Feature: Walking Pilgrims
The henro (pilgrim on the 88 Temple walk) is one of the most distinctive sights of any trip to Shikoku. They're everywhere you go, striding along busy city highways, cresting hills in remote mountain valleys – solitary figures in white, trudging purposefully through heat haze and downpour alike on their way from temple to temple. Who are these people and what drives them to make a journey of more than 1400km on foot?
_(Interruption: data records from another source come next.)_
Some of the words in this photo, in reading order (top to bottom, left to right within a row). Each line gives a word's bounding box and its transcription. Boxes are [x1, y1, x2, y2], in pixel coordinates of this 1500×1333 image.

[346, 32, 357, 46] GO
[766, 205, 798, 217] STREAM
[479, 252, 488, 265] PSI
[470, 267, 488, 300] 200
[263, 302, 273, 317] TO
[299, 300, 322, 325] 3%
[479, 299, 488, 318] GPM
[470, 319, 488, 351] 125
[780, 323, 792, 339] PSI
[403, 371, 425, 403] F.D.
Although the backgrounds and motives of the henro may differ widely, they all follow in the legendary footsteps of Kōbō Daishi, the monk who attained enlightenment on Shikoku, established Shingon Buddhism in Japan and made significant contributions to Japanese culture. Whether or not it is true that Kōbō Daishi actually founded or visited all 88 sacred sites, the idea behind making the 88 Temple Circuit is to do so accompanied by the spirit of Kōbō Daishi himself – hence the inscription on pilgrims' backpacks and other paraphernalia: 同行二人 (dōgyō ninin), meaning 'two people on the same journey'.
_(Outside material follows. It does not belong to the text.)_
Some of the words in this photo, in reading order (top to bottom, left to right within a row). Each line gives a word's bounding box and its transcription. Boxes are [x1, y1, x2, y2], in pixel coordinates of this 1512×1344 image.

Regardless of motivation of each henro, the pattern and routine of life on the road is very similar for everyone who undertakes the trail. The dress is uniform, too: hakue (white garments) to signify sincerity of purpose and purity of mind; the sugegasa (straw hat) that has protected pilgrims against sun and rain since time immemorial; and the kongōzue (colourful staff). The routine at each temple is mostly the same, too: a bang on the bell and a chant of the Heart Sutra at the Daishi-dō (one of the two main buildings in each temple compound), before filing off to the nōkyō-jo (desk), where the pilgrims' book is inscribed with beautiful characters detailing the name of the temple and the date of the pilgrimage.
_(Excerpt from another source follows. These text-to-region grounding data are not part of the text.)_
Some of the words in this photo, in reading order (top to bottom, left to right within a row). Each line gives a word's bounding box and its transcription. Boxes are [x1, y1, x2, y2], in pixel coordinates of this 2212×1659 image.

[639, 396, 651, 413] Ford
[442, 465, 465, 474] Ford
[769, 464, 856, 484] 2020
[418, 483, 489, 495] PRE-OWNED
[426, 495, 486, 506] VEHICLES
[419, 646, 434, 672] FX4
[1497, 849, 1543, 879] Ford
If you're eager to become an aruki henro (walking pilgrim), you'll need to budget 40 to 60 days (allowing for an average distance of 25km a day) to complete the circuit. To plan your pilgrimage, the website www.shikokuhenrotrail.com and the guidebook Shikoku Japan 88 Route Guide (Buyodo Publishing) are both excellent English-language resources. The book, plus all the henro gear you'll need for your walk, can be purchased at Temple One: Ryōzen-ji. For brilliant background reading on the pilgrimage, get a copy of Japanese Pilgrimage, by Oliver Statler, and for ideas on innovative sleeping spots, download Craig McLachlan's Tales of a Summer Henro.
Travellers who don't have the time or inclination to attempt the whole thing can get a taste of what it's all about by following one of the henro-for-a-day minicircuits. Aside from walking the first few temples at Naruto, cities with concentrations of temples within easy reach of each other include Matsuyama, Temples 46 through 53, and Zentsūji, in Kagawa Prefecture.
If you're keen to do the pilgrimage, but walking doesn't appeal, take into account that most pilgrims these days travel around the 88 Temples on tour buses, in taxis or cars, on motorbikes or bicycles. It's making an effort that counts!